What the exercise asks
The lines to copy run from the one containing "this 1344×1361 image." to the last line of the entries; output those lines exactly and only them, without pictures.

-- Dataset follows --

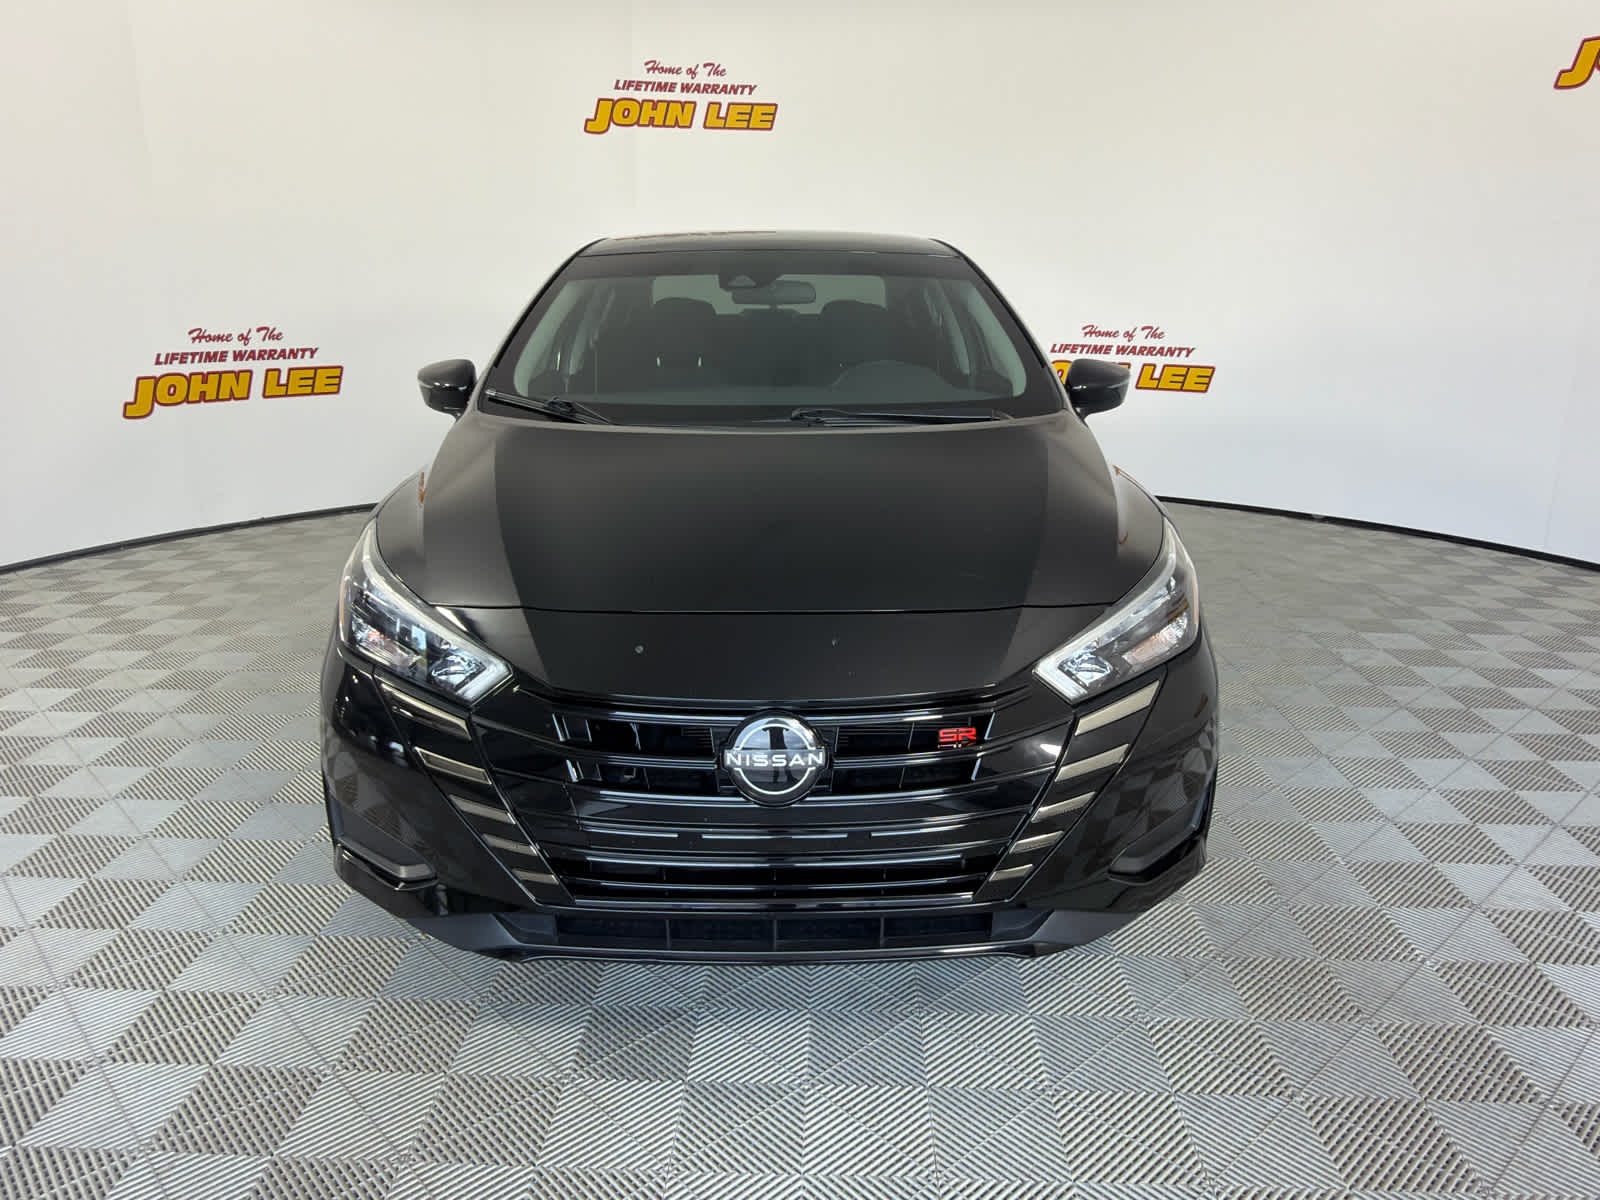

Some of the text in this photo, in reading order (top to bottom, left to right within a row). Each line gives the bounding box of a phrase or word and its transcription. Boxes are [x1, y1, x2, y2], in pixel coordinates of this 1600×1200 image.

[644, 60, 727, 79] Home of The
[614, 79, 757, 95] LIFETIME WARRANTY
[584, 97, 778, 134] JOHN LEE
[188, 326, 284, 346] Home of The
[1081, 324, 1165, 343] Home of The
[154, 347, 319, 366] LIFETIME WARRANTY
[1050, 343, 1195, 358] LIFETIME WARRANTY
[1135, 363, 1216, 393] LEE
[123, 365, 344, 420] JOHN LEE
[938, 727, 977, 743] SR
[724, 750, 825, 768] NISSAN
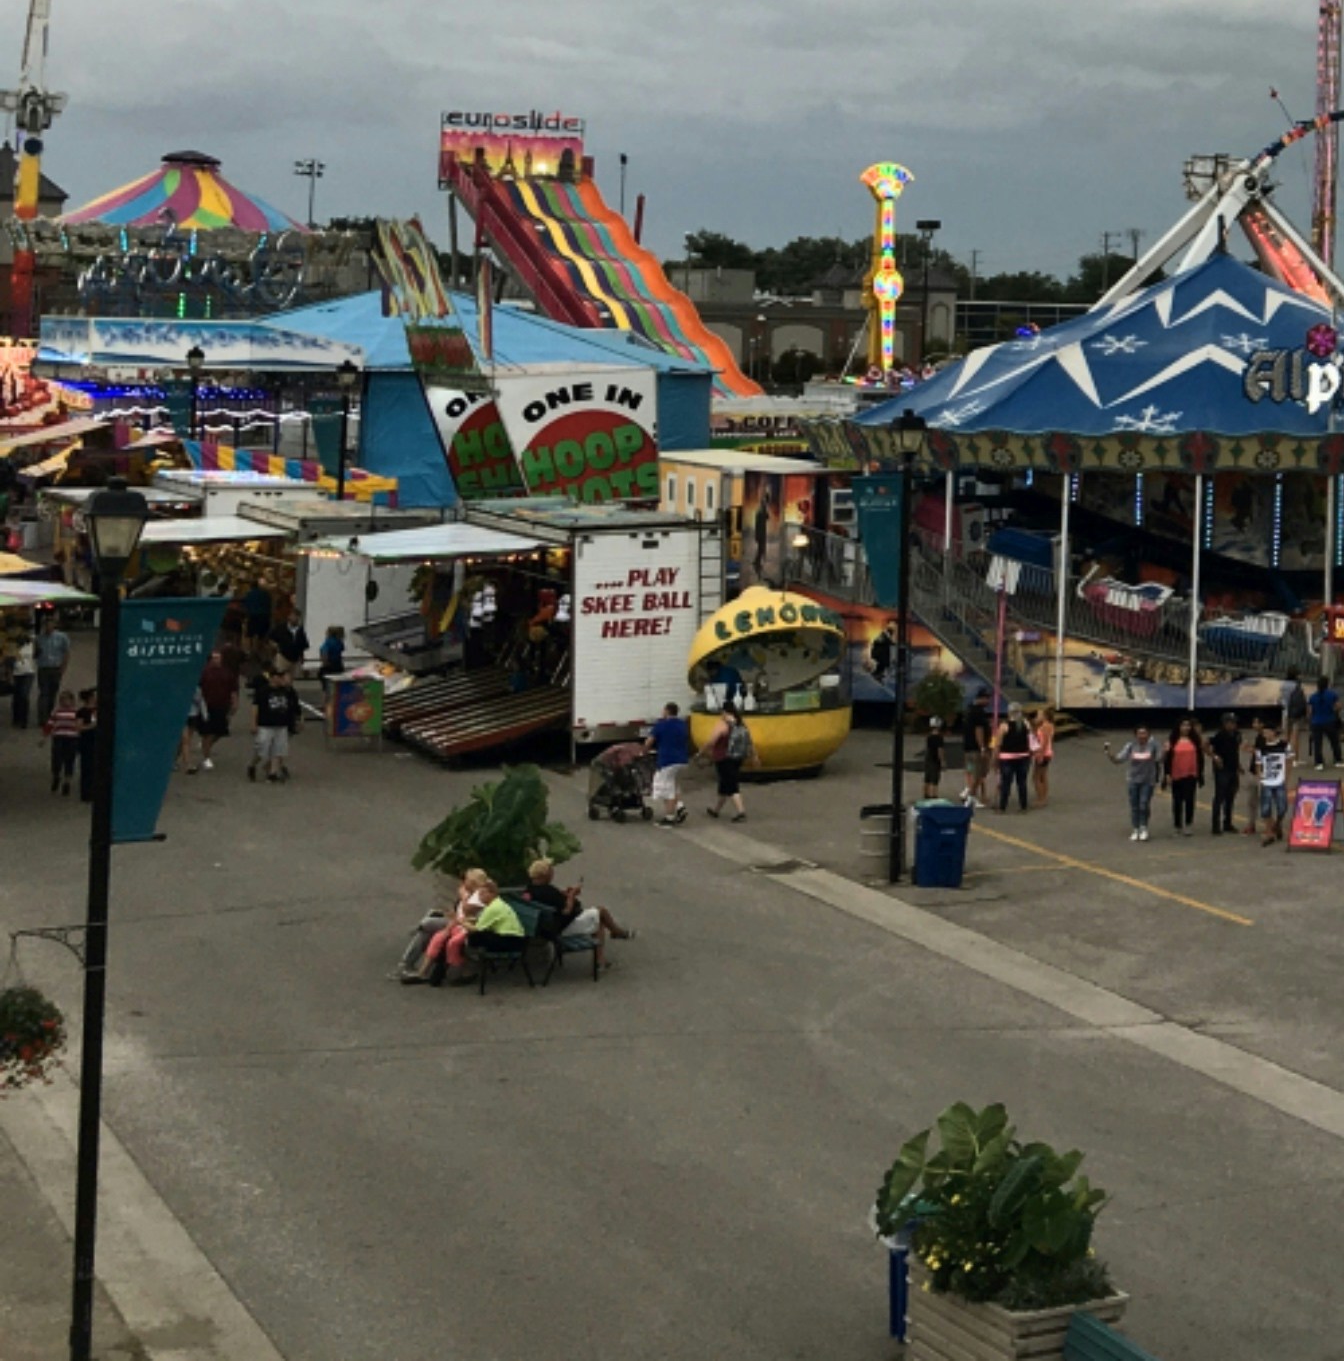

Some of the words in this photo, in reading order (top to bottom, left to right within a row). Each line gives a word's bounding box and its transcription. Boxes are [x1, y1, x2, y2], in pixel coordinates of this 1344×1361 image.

[446, 109, 579, 132] euroslide
[523, 382, 594, 422] ONE
[605, 384, 643, 411] IN
[521, 423, 644, 488] HOOP
[581, 594, 635, 615] SKEE
[641, 590, 693, 612] BALL
[601, 616, 672, 639] HERE!
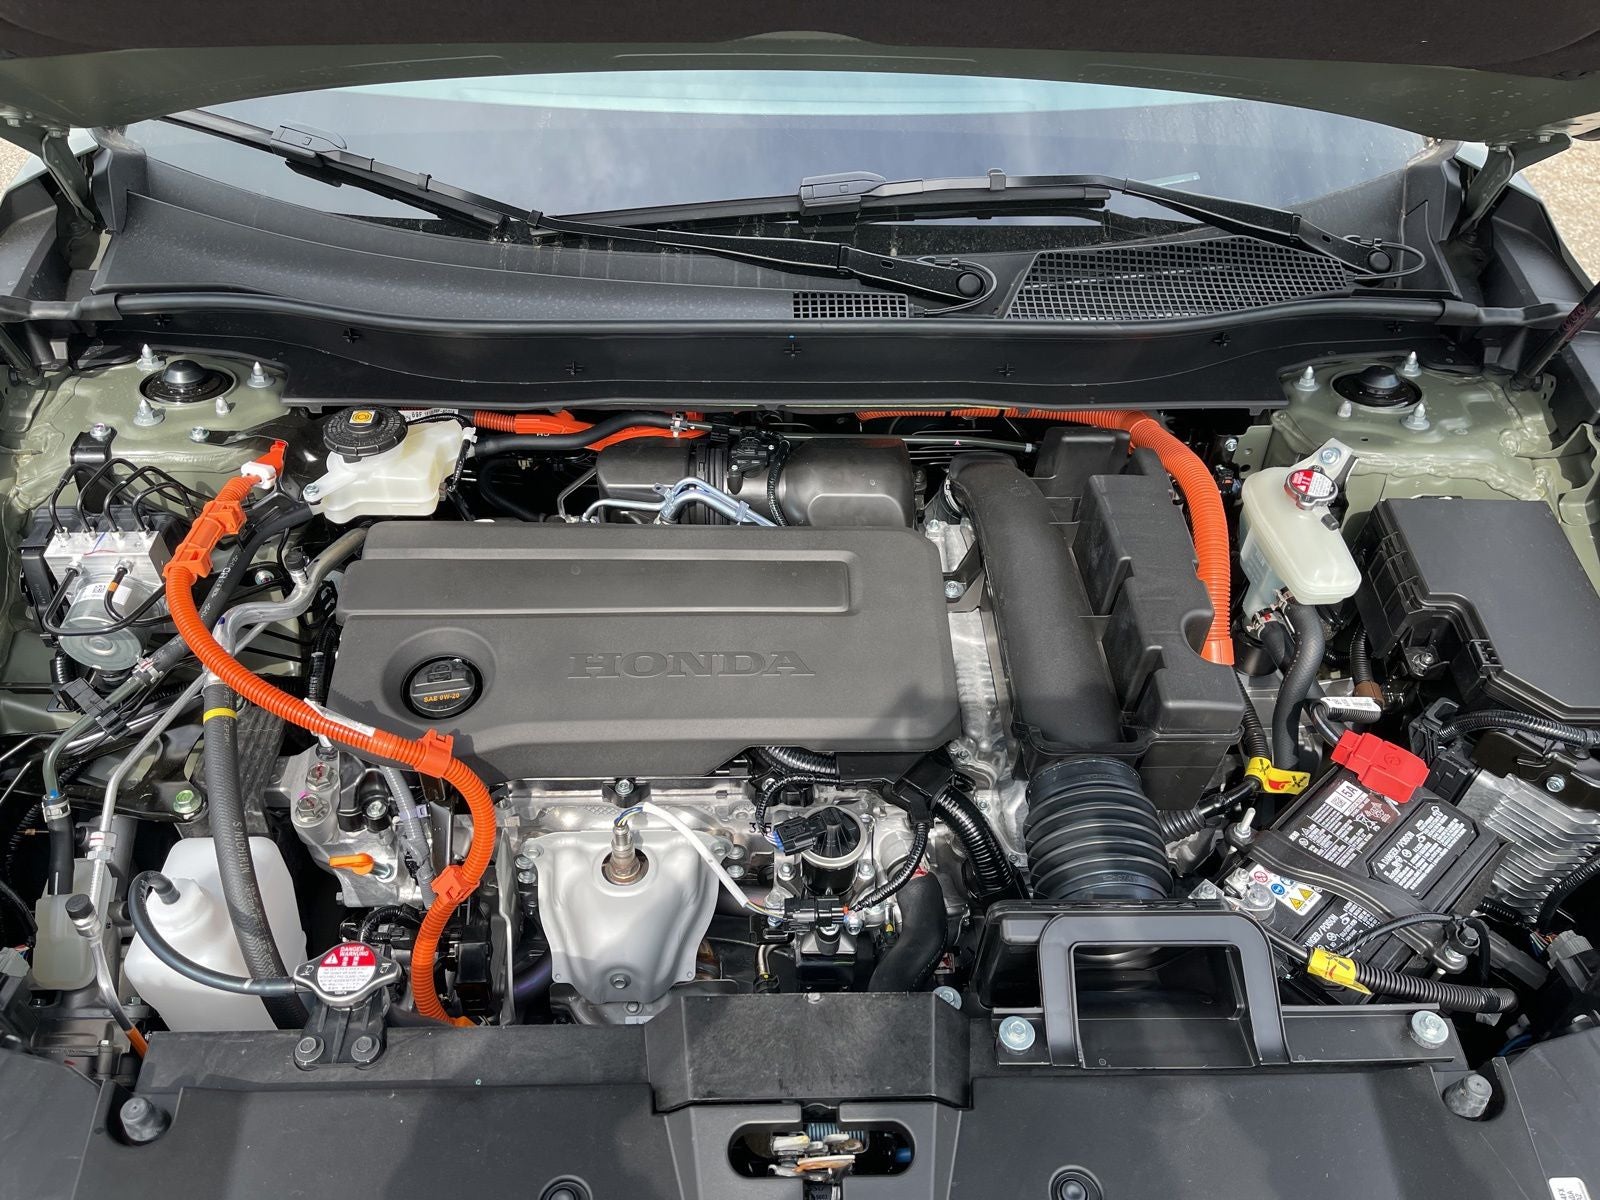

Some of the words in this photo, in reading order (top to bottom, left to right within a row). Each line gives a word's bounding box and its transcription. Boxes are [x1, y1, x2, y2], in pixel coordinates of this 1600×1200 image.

[568, 651, 816, 679] HONDA
[423, 695, 438, 703] SAE
[439, 692, 460, 701] 0W-20
[1341, 785, 1358, 799] 5A

-- Dataset concluded --

Result for this task
Some of the words in this photo, in reading order (top to bottom, left to right within a row). Each line gives a word's bounding box and its transcription. Boxes are [x1, y1, x2, y2], in pixel coordinates of this 1344×1361 image.

[446, 109, 579, 132] euroslide
[523, 382, 594, 422] ONE
[605, 384, 643, 411] IN
[521, 423, 644, 488] HOOP
[581, 594, 635, 615] SKEE
[641, 590, 693, 612] BALL
[601, 616, 672, 639] HERE!

Some of the words in this photo, in reading order (top to bottom, left to right within a row). Each line gives a word's bounding box and its transcription. Boxes are [x1, y1, x2, y2], in pixel coordinates of this 1600×1200 image.

[568, 651, 816, 679] HONDA
[423, 695, 438, 703] SAE
[439, 692, 460, 701] 0W-20
[1341, 785, 1358, 799] 5A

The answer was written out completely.